Rare Edgar Wood Arts and Crafts inlaid oak sideboard

Rare Edgar Wood Arts and Crafts inlaid oak sideboard

Code: 10922

SOLD

Superb & rare inlaid oak Arts & Crafts sideboard by architect-designer Edgar Wood
and made by Bartletts of High Wycombe, Bucks; one of the leading furniture makers of the time; c1900.

Wonderfully patinated metalwork, the sideboard inlaid with ebony & other woods, with inset panels of flying geese/swans;
and 4 heraldic Bohun Swansto uprights. 

Amongst other historical medieval links & relevances, The Bohun Swan
is also the county crest of Buckinghamshireand indeed the town of Marlow.

Probably a commissioned piece.

approx 66” wide, 19” depth, 66” height

Illustrated in the Cabinet Maker & Complete House Furnisher of 1902 (see last image)

Similar sideboards (slightly more elaborate inlay) were illustrated at the time ref:

  • The Studio 1899 Vol 15 p125
  • The Studio Special Summer Number 1901 “Modern British Domestic Architecture & Decoration” p 212

Edgar Wood (1860–1935), architect, artist, draftsman and proponent of the British Arts & Crafts Movement. He was one of the most advanced English architects of his generation, stylistically and successfully moving through the arts & crafts, art nouveau, vernacular, expressionist and finally art deco periods a decade or more before other designers.  He became England’s uncontested pioneer of flat roofed modern buildings.

He practised in Manchester at the turn of the 20th century and gained a considerable reputation throughout the UK. He was a founder of the Northern Art Workers’ Guild in 1896 (became Master in 1897), and was president of the Manchester Society of Architects from 1911–12. He retired in 1921.
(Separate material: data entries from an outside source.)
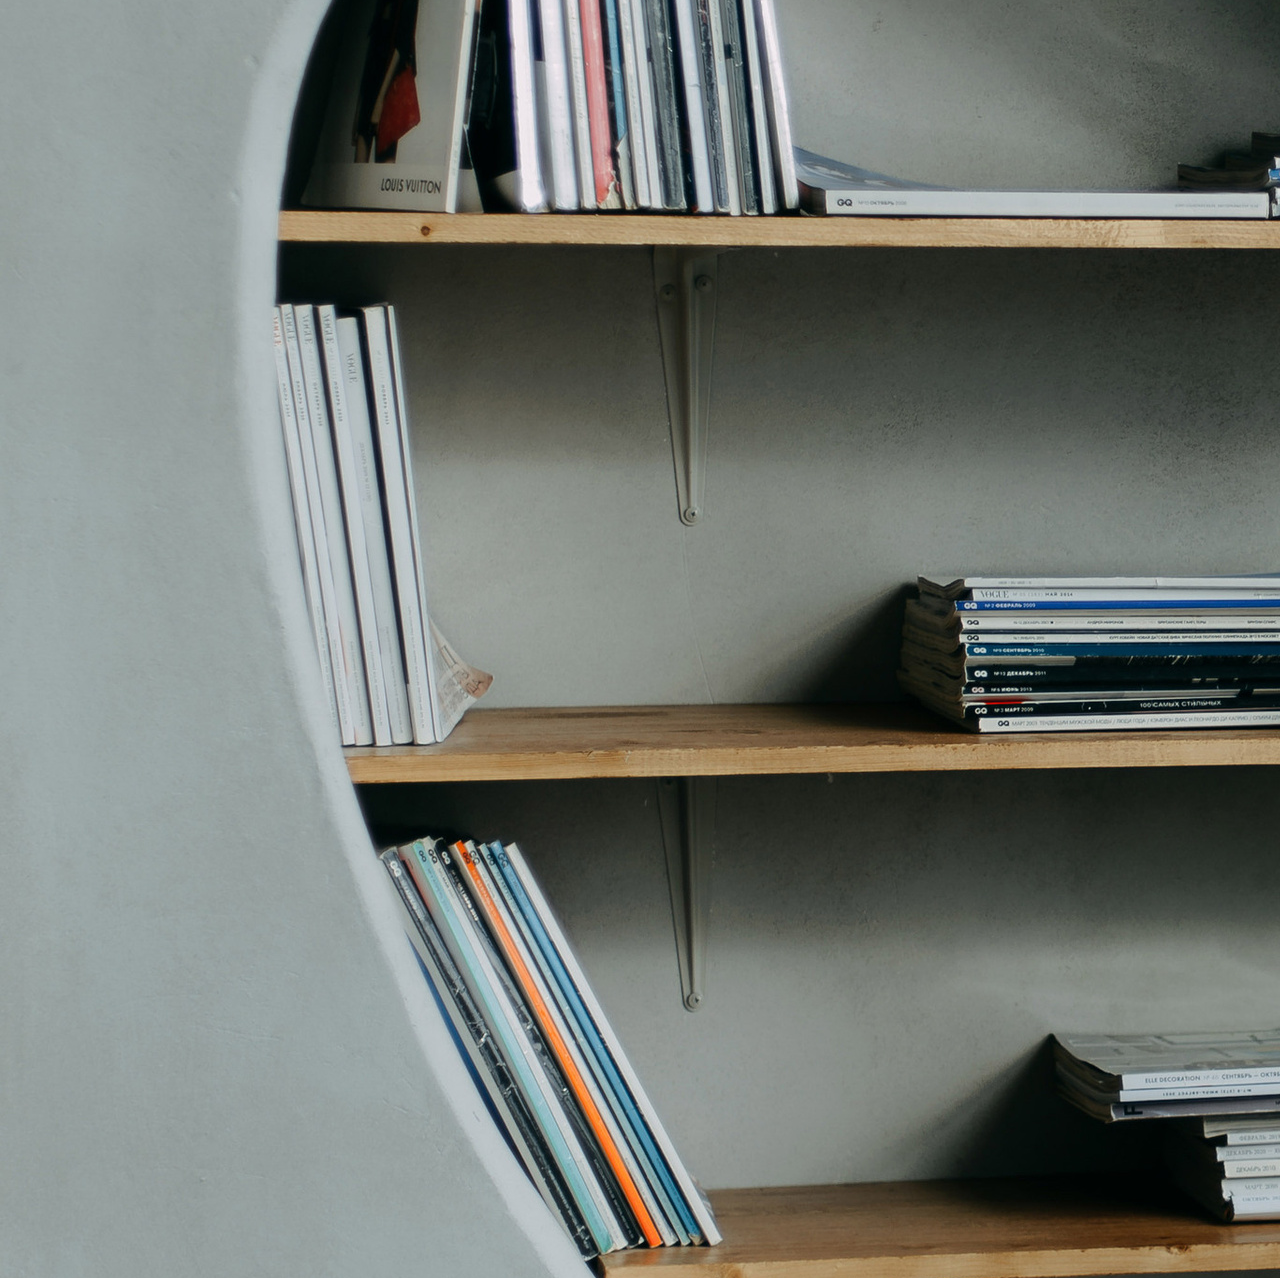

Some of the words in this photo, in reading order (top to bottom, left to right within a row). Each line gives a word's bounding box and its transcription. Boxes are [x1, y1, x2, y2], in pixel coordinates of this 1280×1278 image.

[381, 178, 404, 192] LOUIS
[406, 179, 441, 193] VUITTON
[273, 316, 282, 347] VOGUE
[285, 312, 295, 342] VOGUE
[302, 314, 313, 346] VOGUE
[323, 314, 334, 345] VOGUE
[347, 352, 358, 384] VOGUE
[980, 590, 1009, 598] VOGUE
[418, 850, 427, 863] GQ
[428, 849, 438, 864] GQ
[441, 851, 451, 865] GQ
[462, 852, 471, 864] GQ
[469, 850, 480, 865] GQ
[486, 854, 495, 866] GQ
[498, 853, 508, 868] GQ
[390, 860, 402, 877] GQ
[1124, 1105, 1143, 1116] F
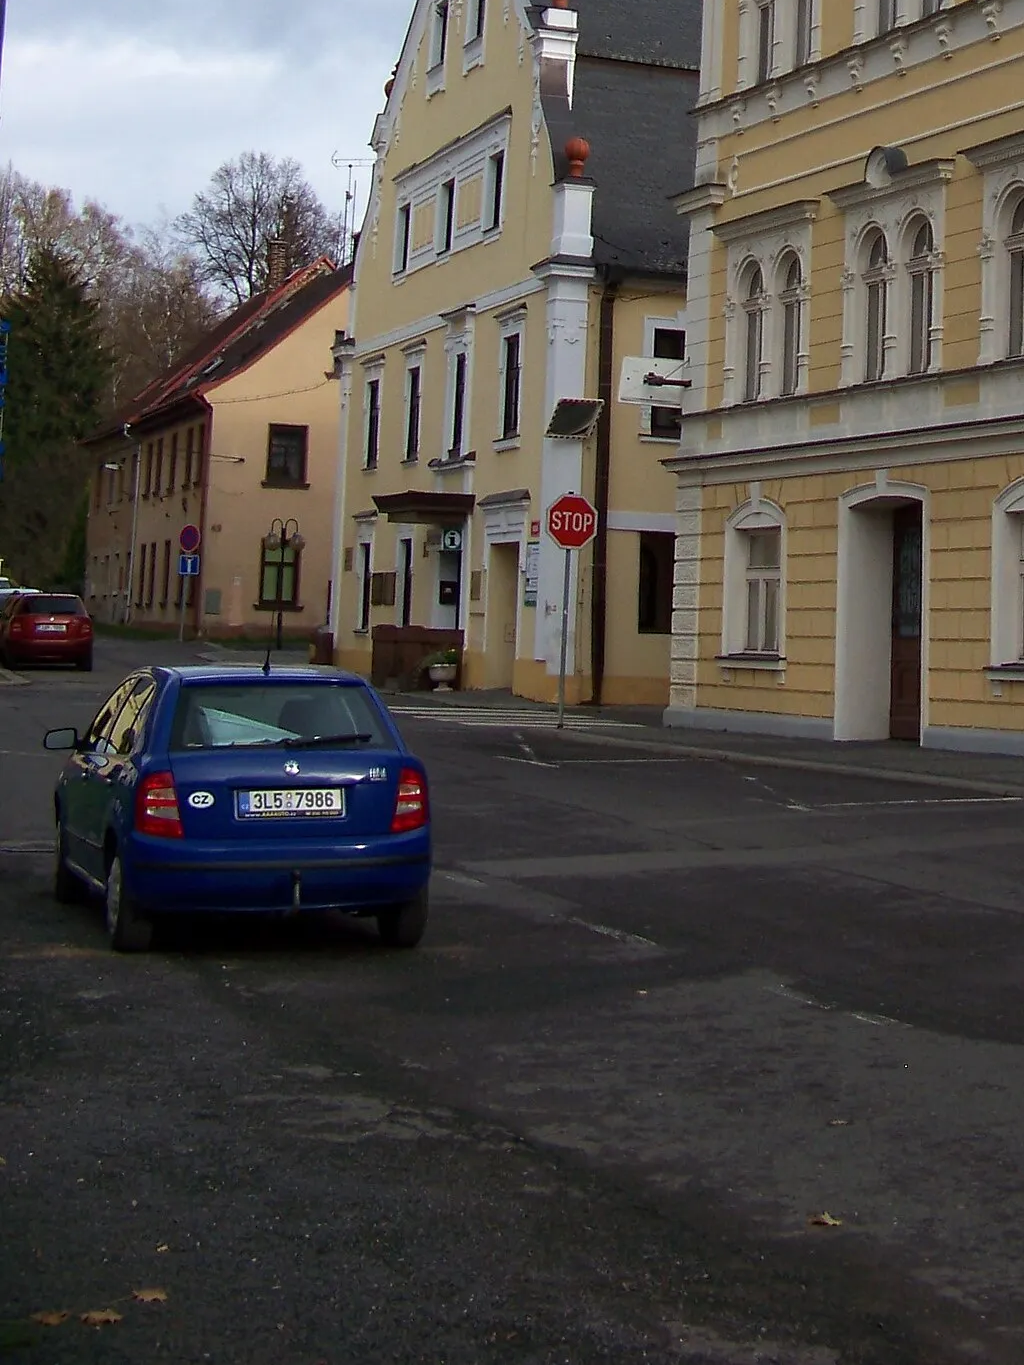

Whilst his work is mainly domestic, he also designed several churches and small commercial buildings. A very individual designer, he tended to concentrate on smaller buildings so that he could oversee and control things personally. As such, he mostly worked with only one assistant.

He was articled to Mills and Murgatroyd, a Manchester architectural firm responsible for a number of prominent buildings in the Manchester area. He passed his RIBA qualifying examinations and became an Associate in 1885. He later set up his own offices in Middleton.

By 1892, he had a flourishing practice and moved into new premises at 78 Cross Street in the heart of Manchester. A somewhat flamboyant character, he would arrive at work wearing a large black cloak, lined with red silk, a flat, broad-brimmed hat and brandishing a silver handled cane. According to him, If an architect is not allowed to advertise his name, he must advertise his personality”!

At the height of his fame around 1903, Wood joined up with J. Henry Sellers to create buildings with flat reinforced concrete roofs, cubic forms and geometric patterns. They were the first examples of art deco architecture in Europe.

He also pioneered garden suburb town planning and the conservation of old buildings. However, with the aftermath of the First World War, he retired to Italy to paint in 1922, leaving behind an outstanding legacy of design that would inspire a generation of later modernist architects.

Wood practised in various mediums and he designed furniture, jewellery and metalwork, with influences of both the Arts and Crafts Movement and Art Nouveau.